|labia in a jar|
The newspaper article introducing this new program includes the above photo of Frances Marques holding up a keepsake in a jar - her severed labia bathed in pickling juice, taking on a life of its own. 'It looks better in the jar,' she says, 'rather than hanging down there.' In spite of all the parts this bashful woman had redone ('from here to my camel toe') in order to keep her husband, he still left her for a younger woman. Perhaps he tired of seeing her flabby labby on the dressing table.
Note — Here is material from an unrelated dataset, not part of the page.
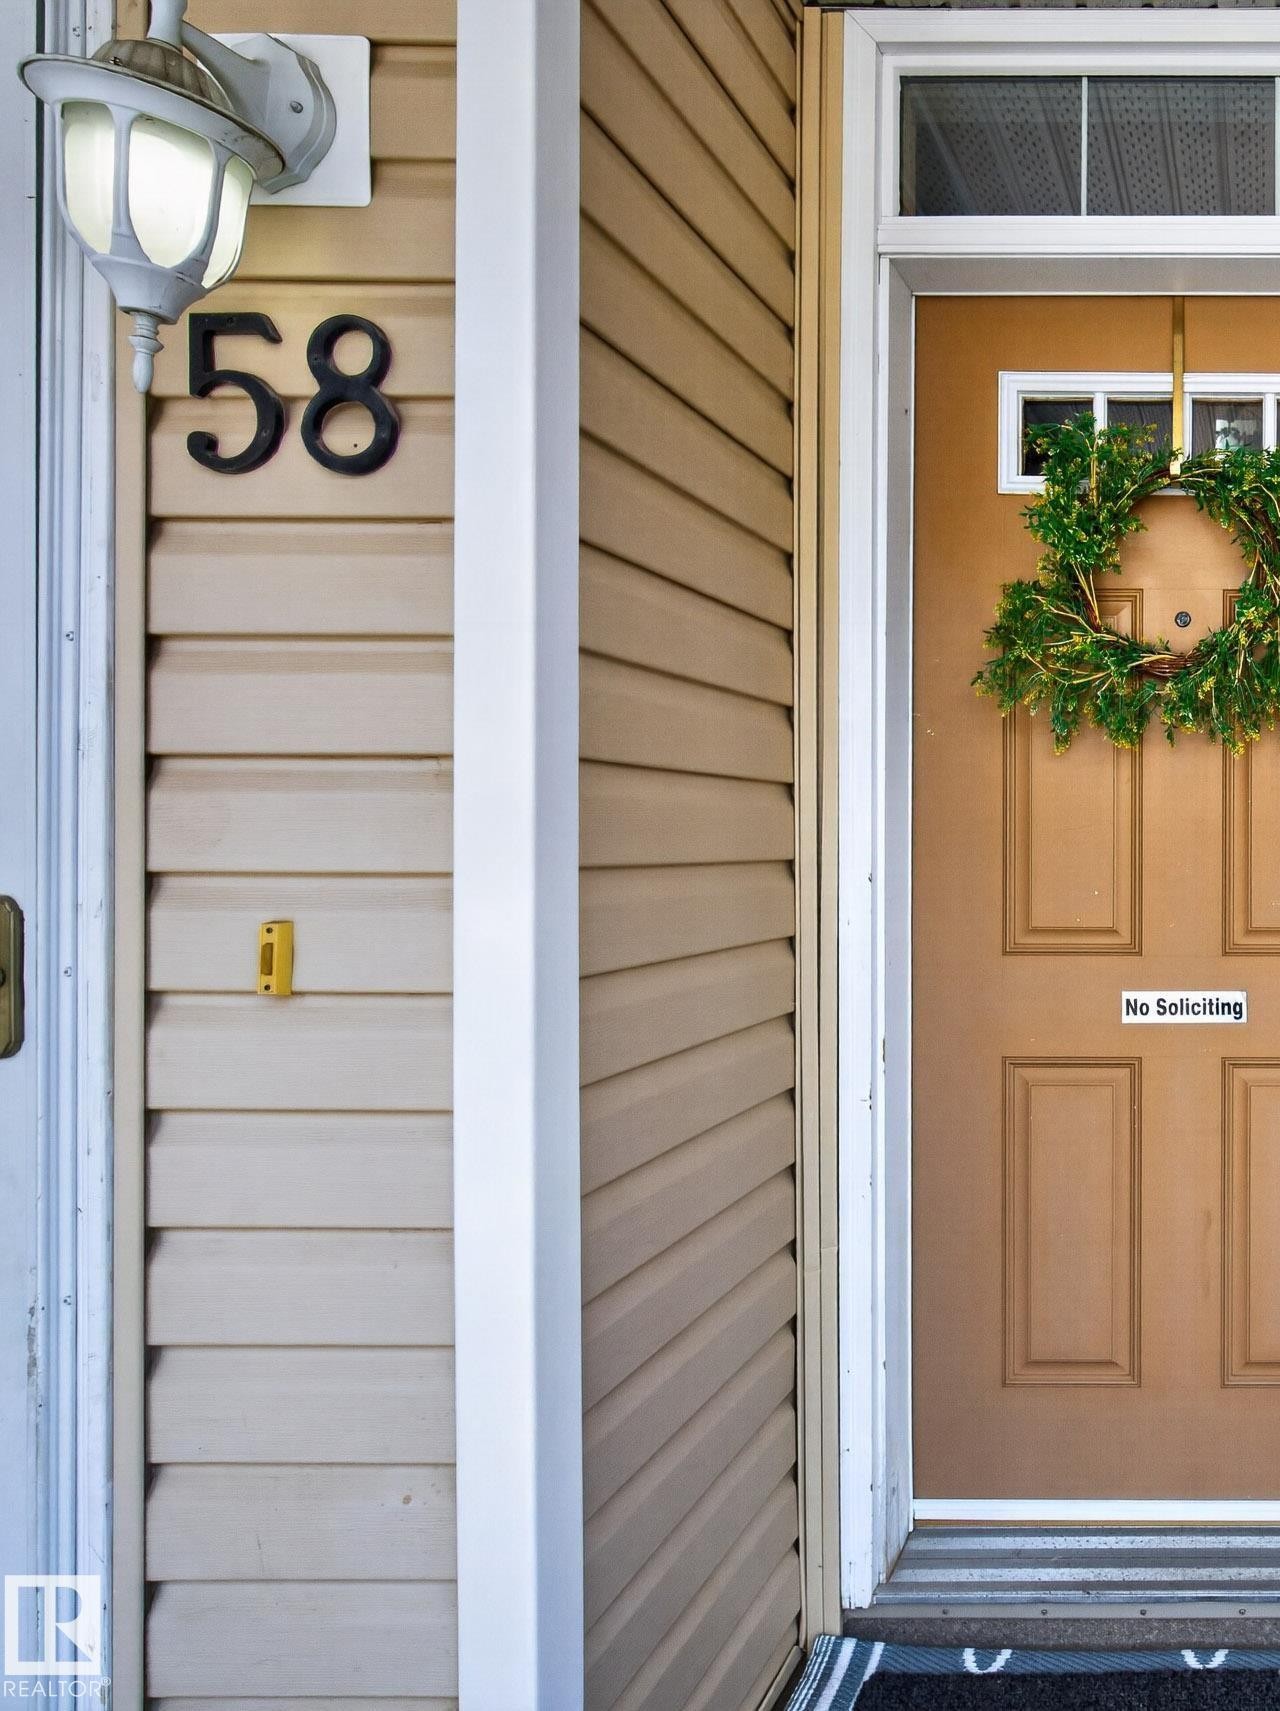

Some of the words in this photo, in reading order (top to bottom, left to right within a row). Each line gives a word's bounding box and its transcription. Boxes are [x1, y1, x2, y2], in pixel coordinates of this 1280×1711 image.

Also 'starring' on the show is Veronica Matlock, who calls her husband 'The Vagina Man.' He's a real hoot. As part of his charm, he concedes 'I don't recognize people by their faces.' I've always been puzzled by men who specialize in women's vaginas.
Also featured is Dayna Devon, a former Extra! presenter who is filmed on the show getting botox injections. At the age of 40 she says that she's reached her 'shelflife' and as she'd like to keep working for a few more years in the biz, she feels the need for plastic surgery.
A lot of this show takes place in the operating rooms of their husbands, so if you're squeamish about needles and labia majoras, this isn't for you. Even the most reality hardened t.v. viewer might find it hard to stomach. It's plastic surgery pornography in its inception as I'm sure there will be more shows of this ilk on their way. This show is so bad it will make Keeping Up With The Kardashians look like Masterpiece Theatre.
At one time in Hollywood, no one would admit to having had any work done. Now, it's as normal as buying a Buick Sierra. Washed-up television stars will do absolutely anything to renew their former five minutes of fame.